# Exercise goal
Your answer should be the complete set of entries, transcribed exactly.

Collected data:
=== Section Start ===

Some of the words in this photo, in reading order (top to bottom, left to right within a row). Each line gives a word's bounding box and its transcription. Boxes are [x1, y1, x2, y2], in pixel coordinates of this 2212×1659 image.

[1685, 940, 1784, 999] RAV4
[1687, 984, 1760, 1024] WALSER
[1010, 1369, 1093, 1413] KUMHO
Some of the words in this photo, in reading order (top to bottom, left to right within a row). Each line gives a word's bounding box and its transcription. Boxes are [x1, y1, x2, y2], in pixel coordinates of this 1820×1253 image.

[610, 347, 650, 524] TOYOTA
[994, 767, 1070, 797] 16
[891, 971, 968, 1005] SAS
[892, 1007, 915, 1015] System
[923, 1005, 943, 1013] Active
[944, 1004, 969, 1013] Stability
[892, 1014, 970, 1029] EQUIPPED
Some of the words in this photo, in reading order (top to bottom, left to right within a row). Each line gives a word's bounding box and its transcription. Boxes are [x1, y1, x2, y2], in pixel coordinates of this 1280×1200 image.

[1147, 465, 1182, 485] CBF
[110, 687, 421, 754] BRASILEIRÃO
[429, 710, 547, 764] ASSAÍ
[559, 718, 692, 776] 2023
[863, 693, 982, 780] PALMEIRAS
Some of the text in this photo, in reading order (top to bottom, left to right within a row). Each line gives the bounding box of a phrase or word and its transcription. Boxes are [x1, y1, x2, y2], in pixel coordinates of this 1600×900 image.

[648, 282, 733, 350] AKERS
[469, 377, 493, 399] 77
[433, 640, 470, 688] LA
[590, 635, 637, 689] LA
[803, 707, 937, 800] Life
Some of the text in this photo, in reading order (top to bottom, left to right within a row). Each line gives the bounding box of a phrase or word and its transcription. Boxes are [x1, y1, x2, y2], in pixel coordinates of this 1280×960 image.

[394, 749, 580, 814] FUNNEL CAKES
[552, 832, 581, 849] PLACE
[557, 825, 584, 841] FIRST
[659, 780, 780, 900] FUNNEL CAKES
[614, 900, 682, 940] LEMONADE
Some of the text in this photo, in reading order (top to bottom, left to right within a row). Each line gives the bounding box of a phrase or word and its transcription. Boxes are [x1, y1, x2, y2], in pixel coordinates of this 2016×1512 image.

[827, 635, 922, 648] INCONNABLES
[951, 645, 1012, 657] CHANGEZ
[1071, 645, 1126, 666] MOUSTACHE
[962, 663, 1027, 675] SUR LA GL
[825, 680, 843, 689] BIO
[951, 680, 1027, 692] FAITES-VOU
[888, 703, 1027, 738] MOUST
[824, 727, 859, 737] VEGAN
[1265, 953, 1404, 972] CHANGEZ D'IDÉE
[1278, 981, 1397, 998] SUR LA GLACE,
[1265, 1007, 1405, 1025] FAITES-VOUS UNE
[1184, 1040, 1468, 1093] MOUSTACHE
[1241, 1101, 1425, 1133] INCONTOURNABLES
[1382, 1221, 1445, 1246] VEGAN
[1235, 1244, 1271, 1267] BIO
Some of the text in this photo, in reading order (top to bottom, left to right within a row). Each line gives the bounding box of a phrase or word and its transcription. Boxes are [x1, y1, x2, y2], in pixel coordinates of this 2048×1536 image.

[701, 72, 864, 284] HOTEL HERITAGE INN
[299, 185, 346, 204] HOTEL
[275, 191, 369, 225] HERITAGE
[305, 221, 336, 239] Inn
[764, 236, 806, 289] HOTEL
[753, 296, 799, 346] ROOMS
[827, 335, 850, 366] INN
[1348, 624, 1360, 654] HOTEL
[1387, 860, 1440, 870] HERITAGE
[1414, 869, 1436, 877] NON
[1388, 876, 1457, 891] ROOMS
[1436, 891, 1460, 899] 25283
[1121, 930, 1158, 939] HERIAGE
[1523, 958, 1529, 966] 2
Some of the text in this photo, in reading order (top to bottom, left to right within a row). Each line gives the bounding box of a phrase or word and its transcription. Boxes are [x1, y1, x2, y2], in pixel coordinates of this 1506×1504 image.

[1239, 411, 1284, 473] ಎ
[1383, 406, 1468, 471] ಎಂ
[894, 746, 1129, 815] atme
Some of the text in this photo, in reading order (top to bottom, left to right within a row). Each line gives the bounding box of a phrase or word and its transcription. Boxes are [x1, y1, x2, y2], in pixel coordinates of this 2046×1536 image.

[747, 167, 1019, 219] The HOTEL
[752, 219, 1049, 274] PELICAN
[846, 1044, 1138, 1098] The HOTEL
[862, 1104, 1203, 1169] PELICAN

=== Section End ===

# Task answer
Some of the words in this photo, in reading order (top to bottom, left to right within a row). Each line gives a word's bounding box and its transcription. Boxes are [x1, y1, x2, y2], in pixel coordinates of this 2212×1659 image.

[1685, 940, 1784, 999] RAV4
[1687, 984, 1760, 1024] WALSER
[1010, 1369, 1093, 1413] KUMHO
Some of the words in this photo, in reading order (top to bottom, left to right within a row). Each line gives a word's bounding box and its transcription. Boxes are [x1, y1, x2, y2], in pixel coordinates of this 1820×1253 image.

[610, 347, 650, 524] TOYOTA
[994, 767, 1070, 797] 16
[891, 971, 968, 1005] SAS
[892, 1007, 915, 1015] System
[923, 1005, 943, 1013] Active
[944, 1004, 969, 1013] Stability
[892, 1014, 970, 1029] EQUIPPED
Some of the words in this photo, in reading order (top to bottom, left to right within a row). Each line gives a word's bounding box and its transcription. Boxes are [x1, y1, x2, y2], in pixel coordinates of this 1280×1200 image.

[1147, 465, 1182, 485] CBF
[110, 687, 421, 754] BRASILEIRÃO
[429, 710, 547, 764] ASSAÍ
[559, 718, 692, 776] 2023
[863, 693, 982, 780] PALMEIRAS
Some of the text in this photo, in reading order (top to bottom, left to right within a row). Each line gives the bounding box of a phrase or word and its transcription. Boxes are [x1, y1, x2, y2], in pixel coordinates of this 1600×900 image.

[648, 282, 733, 350] AKERS
[469, 377, 493, 399] 77
[433, 640, 470, 688] LA
[590, 635, 637, 689] LA
[803, 707, 937, 800] Life
Some of the text in this photo, in reading order (top to bottom, left to right within a row). Each line gives the bounding box of a phrase or word and its transcription. Boxes are [x1, y1, x2, y2], in pixel coordinates of this 1280×960 image.

[394, 749, 580, 814] FUNNEL CAKES
[552, 832, 581, 849] PLACE
[557, 825, 584, 841] FIRST
[659, 780, 780, 900] FUNNEL CAKES
[614, 900, 682, 940] LEMONADE
Some of the text in this photo, in reading order (top to bottom, left to right within a row). Each line gives the bounding box of a phrase or word and its transcription. Boxes are [x1, y1, x2, y2], in pixel coordinates of this 2016×1512 image.

[827, 635, 922, 648] INCONNABLES
[951, 645, 1012, 657] CHANGEZ
[1071, 645, 1126, 666] MOUSTACHE
[962, 663, 1027, 675] SUR LA GL
[825, 680, 843, 689] BIO
[951, 680, 1027, 692] FAITES-VOU
[888, 703, 1027, 738] MOUST
[824, 727, 859, 737] VEGAN
[1265, 953, 1404, 972] CHANGEZ D'IDÉE
[1278, 981, 1397, 998] SUR LA GLACE,
[1265, 1007, 1405, 1025] FAITES-VOUS UNE
[1184, 1040, 1468, 1093] MOUSTACHE
[1241, 1101, 1425, 1133] INCONTOURNABLES
[1382, 1221, 1445, 1246] VEGAN
[1235, 1244, 1271, 1267] BIO
Some of the text in this photo, in reading order (top to bottom, left to right within a row). Each line gives the bounding box of a phrase or word and its transcription. Boxes are [x1, y1, x2, y2], in pixel coordinates of this 2048×1536 image.

[701, 72, 864, 284] HOTEL HERITAGE INN
[299, 185, 346, 204] HOTEL
[275, 191, 369, 225] HERITAGE
[305, 221, 336, 239] Inn
[764, 236, 806, 289] HOTEL
[753, 296, 799, 346] ROOMS
[827, 335, 850, 366] INN
[1348, 624, 1360, 654] HOTEL
[1387, 860, 1440, 870] HERITAGE
[1414, 869, 1436, 877] NON
[1388, 876, 1457, 891] ROOMS
[1436, 891, 1460, 899] 25283
[1121, 930, 1158, 939] HERIAGE
[1523, 958, 1529, 966] 2
Some of the text in this photo, in reading order (top to bottom, left to right within a row). Each line gives the bounding box of a phrase or word and its transcription. Boxes are [x1, y1, x2, y2], in pixel coordinates of this 1506×1504 image.

[1239, 411, 1284, 473] ಎ
[1383, 406, 1468, 471] ಎಂ
[894, 746, 1129, 815] atme
Some of the text in this photo, in reading order (top to bottom, left to right within a row). Each line gives the bounding box of a phrase or word and its transcription. Boxes are [x1, y1, x2, y2], in pixel coordinates of this 2046×1536 image.

[747, 167, 1019, 219] The HOTEL
[752, 219, 1049, 274] PELICAN
[846, 1044, 1138, 1098] The HOTEL
[862, 1104, 1203, 1169] PELICAN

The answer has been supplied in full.